Dans les années 1930, la construction de la ligne de la BAM fut lente et constamment interrompue : le manque de financement et les mauvaises conditions de vie des ouvriers l’ont aussi affecté. Au cours de la Seconde Guerre mondiale, la construction de la BAM a été interrompue et reprise seulement en 1947. En 10 ans, les premiers trains ont parcouru la première section de la ligne. Ce rythme de construction n’était pas assez rapide, c’est pourquoi, en avril 1974, les autorités soviétiques ont déclaré la BAM un « chantier pan-soviétique komsomol ». Cette tactique a permis d’attirer des milliers de personnes sur les chantiers de construction de la ligne ferroviaire.

La voiture historique du train Moscou-Tynda, dans laquelle les premiers constructeurs de BAM sont arrivés en 1974
La voiture historique du train Moscou-Tynda, dans laquelle les premiers constructeurs de BAM sont arrivés en 1974. Source: Wikipedia.
Groupe de construction d'étudiants, 1er juin 1975
Groupe de construction d'étudiants, 1er juin 1975. Source: RIA Novosti archive, image #596802 / Igor Vinogradov / CC-BY-SA 3.0.
Gare de Tynda. Région de l'Amour
Gare de Tynda. Région de l'Amour. Source: Wikipedia.

Apogée de la BAM

Pour utiliser les mots d’aujourd’hui, le Gouvernement soviétique a établi une stratégie politique : seulement les communistes purs et durs, les membres du Komsomol et les personnes non affiliées au parti mais haut placées pouvaient participer à la construction du chantier pan-soviétique komsomol. Pour beaucoup, construire la BAM était leur propre contribution au développement et à la prospérité de l’Union soviétique. Pour certains, la BAM symbolisait une opportunité de grimper l’échelle professionnelle, tandis que pour d’autres, aller travailler sur le chantier de la BAM était le résultat d’une indécision quant à leur chemin de vie et de leur rêve de donner un sens à leur vie parmi des collègues inspirés. D’une façon ou d’une autre, la construction de la BAM continua plus rapidement et un nouveau chapitre s’est ouvert dans la vie du pays et de ses habitants.
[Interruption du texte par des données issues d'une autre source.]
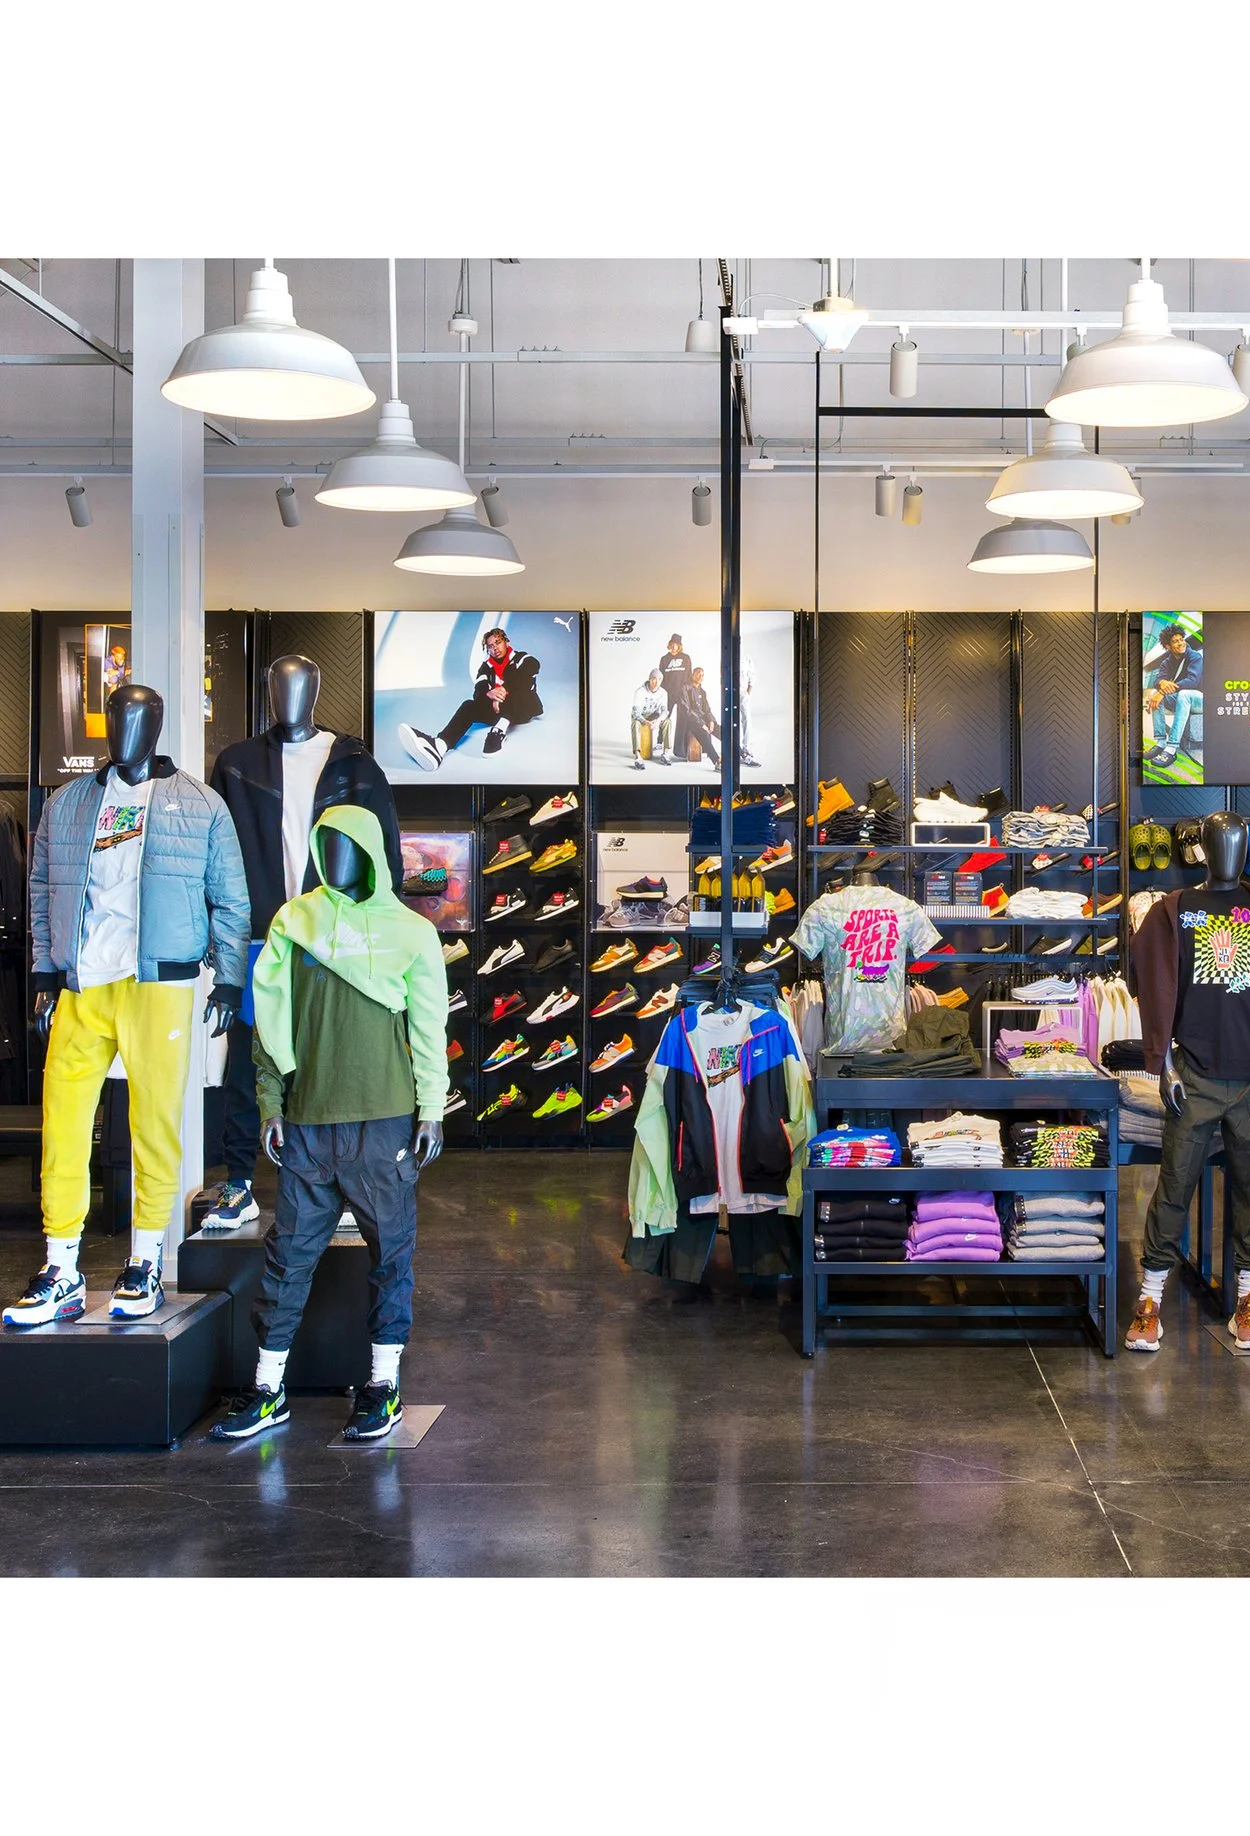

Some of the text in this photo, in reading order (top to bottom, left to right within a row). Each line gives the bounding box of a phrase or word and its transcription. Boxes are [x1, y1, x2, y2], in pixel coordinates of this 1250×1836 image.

Ce n’était pas facile d’arriver jusqu’à la BAM. Étant donné que sa construction requérait des experts compétents, il a été nécessaire de prouver la valeur que sa présence apportait au projet. Par exemple, les facultés universitaires ou les entreprises de toute l’URSS sélectionnaient et envoyaient leurs membres les plus intelligents, diligents, réactifs et éduqués, ainsi que des athlètes et des sportifs bien bâtis.
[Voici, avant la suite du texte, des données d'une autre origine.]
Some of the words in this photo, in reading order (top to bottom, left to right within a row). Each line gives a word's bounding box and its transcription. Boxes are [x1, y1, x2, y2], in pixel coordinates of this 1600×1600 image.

En arrivant à la BAM, les travailleurs devaient faire face à la vie telle qu’elle était : manque d’équipements de base, climat rude, manque de confort. Cependant, les autorités soviétiques, se rendant compte du besoin de construire rapidement de l’autoroute, ont bientôt fourni aux volontaires des logements (au début, de petits abris ont été installés, et par après des maisons), des salaires décents (les ouvriers de la BAM gagnaient 600 roubles par moi alors que le salaire médian des ouvriers en ville oscillait encore 120 et 150 roubles), des vacances prolongées (qui pouvaient aller jusqu’à 6 mois), et de la vraie nourriture. D’après les ouvriers de la BAM, leur régime était très diversifié et nourrissant, et comportait souvent des délices : du chevreuil, de l’omoul, des champignons rares et des baies. Petit à petit, avec l’arrivée de divers spécialistes, ces derniers ont commencé à faire leur propre pain sur place dont le goût était bien meilleur que celui du pain venant des boulangeries classiques.

Manifestation à Ust-Ilimsk, dans la région d’Irkoutsk, à l’occasion de l’arrivée d’une équipe de construction chargée de la construction de la BAM. 1979
Manifestation à Ust-Ilimsk, dans la région d’Irkoutsk, à l’occasion de l’arrivée d’une équipe de construction chargée de la construction de la BAM. 1979. Source: RIA Novosti archive, image #463353 / Petr Malinovskiy / CC-BY-SA 3.0.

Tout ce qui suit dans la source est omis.